The Human Rights Tribunal of Quebec (Tribunal des droits de la personne) is a specialized first-instance tribunal of the province of Quebec, Canada, that has the jurisdiction to hear and judge litigations concerning discrimination and harassment based on the prohibited grounds stipulated in the Charter of Human Rights and Freedoms, as well as concerning the exploitation of elderly or handicapped persons and affirmative action programs.

== History ==
The Human Rights Tribunal was created in accordance with the Quebec Charter of Human Rights and Freedoms.

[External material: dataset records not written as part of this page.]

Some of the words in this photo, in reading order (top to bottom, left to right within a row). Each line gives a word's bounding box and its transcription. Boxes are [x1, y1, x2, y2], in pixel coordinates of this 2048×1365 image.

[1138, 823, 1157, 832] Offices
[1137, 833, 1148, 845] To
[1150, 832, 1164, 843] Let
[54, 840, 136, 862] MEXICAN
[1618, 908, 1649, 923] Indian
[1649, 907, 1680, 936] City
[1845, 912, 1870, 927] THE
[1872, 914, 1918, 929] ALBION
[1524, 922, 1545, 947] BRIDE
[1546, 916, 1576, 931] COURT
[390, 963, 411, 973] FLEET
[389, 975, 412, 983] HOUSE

The Tribunal was in fact born on December 10, 1990, pursuant to the Loi modifiant la Charte des droits et libertés de la personne concernant la Commission et instituant le Tribunal des droits de la personne, tabled in the National Assembly by Gil Rémillard, then Minister of Justice of Quebec, and adopted on June 22, 1989. This law modified the mechanism that ensured the protection of rights and freedoms in the Province, consisting solely of the Commission des droits de la personne at the time (in 1995, the Commission des droits de la personne became the Commission des droits de la personne et des droits de la jeunesse). The purpose of this law was to correct the difficulties highlighted in a 1988 report filed by the Committee on Institutions of the National Assembly, notably the restrictive interpretation of the Charter by the ordinary courts, the delays at the commission as well as the contradictory roles assumed by the commission.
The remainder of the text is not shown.